Segment Start: DATA EXTRACT

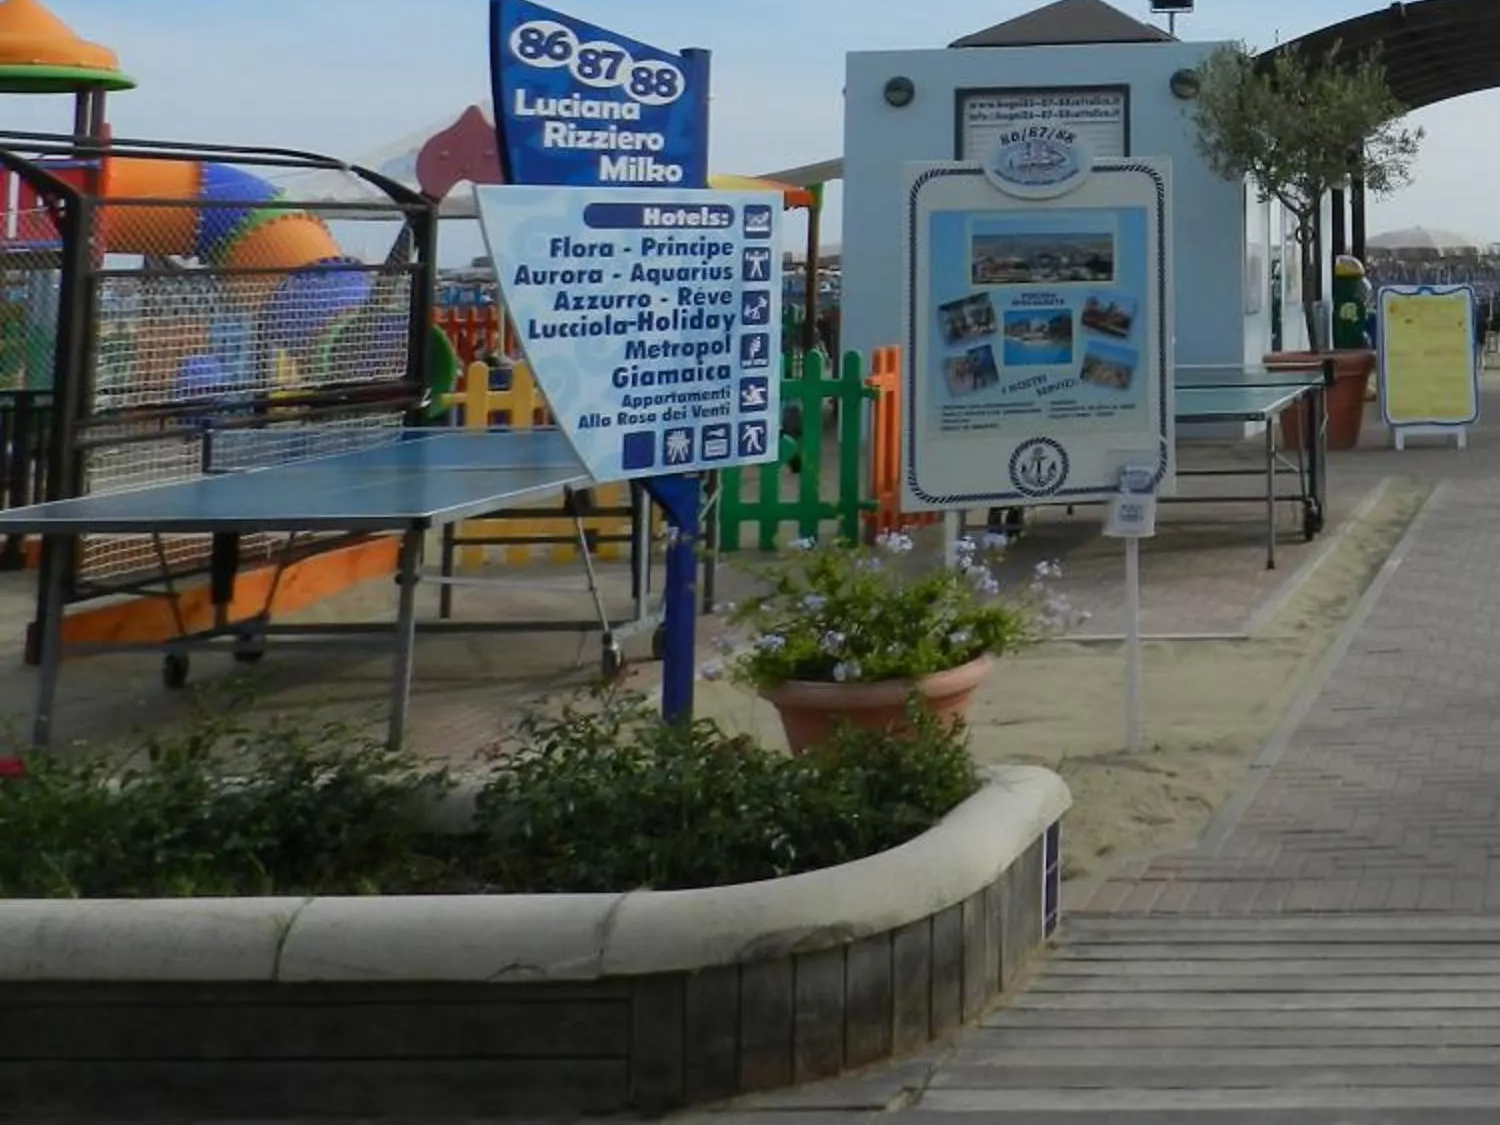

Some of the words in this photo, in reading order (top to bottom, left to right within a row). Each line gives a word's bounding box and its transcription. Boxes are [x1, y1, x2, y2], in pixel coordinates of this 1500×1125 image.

[517, 27, 573, 62] 86
[577, 48, 626, 80] 87
[630, 66, 679, 98] 88
[514, 88, 641, 120] Luciana
[543, 121, 665, 151] Rizziero
[599, 155, 683, 183] Milko
[643, 207, 729, 226] Hotels:
[550, 236, 614, 258] Flora
[641, 236, 734, 260] Principe
[514, 264, 603, 285] Aurora
[630, 261, 734, 285] Aquarius
[553, 291, 651, 311] Azzurro
[624, 334, 731, 361] Metropol
[612, 361, 731, 388] Giamaica
[621, 385, 731, 409] Appartamenti
[617, 411, 657, 426] Rosa
[663, 406, 687, 421] dei
[692, 401, 731, 418] Venti

Segment End: DATA EXTRACT

## TASK INSTRUCTIONS:
Exact wording is required throughout: write out all the records, but no pictures.

## REPLY:
Some of the words in this photo, in reading order (top to bottom, left to right within a row). Each line gives a word's bounding box and its transcription. Boxes are [x1, y1, x2, y2], in pixel coordinates of this 1500×1125 image.

[517, 27, 573, 62] 86
[577, 48, 626, 80] 87
[630, 66, 679, 98] 88
[514, 88, 641, 120] Luciana
[543, 121, 665, 151] Rizziero
[599, 155, 683, 183] Milko
[643, 207, 729, 226] Hotels:
[550, 236, 614, 258] Flora
[641, 236, 734, 260] Principe
[514, 264, 603, 285] Aurora
[630, 261, 734, 285] Aquarius
[553, 291, 651, 311] Azzurro
[624, 334, 731, 361] Metropol
[612, 361, 731, 388] Giamaica
[621, 385, 731, 409] Appartamenti
[617, 411, 657, 426] Rosa
[663, 406, 687, 421] dei
[692, 401, 731, 418] Venti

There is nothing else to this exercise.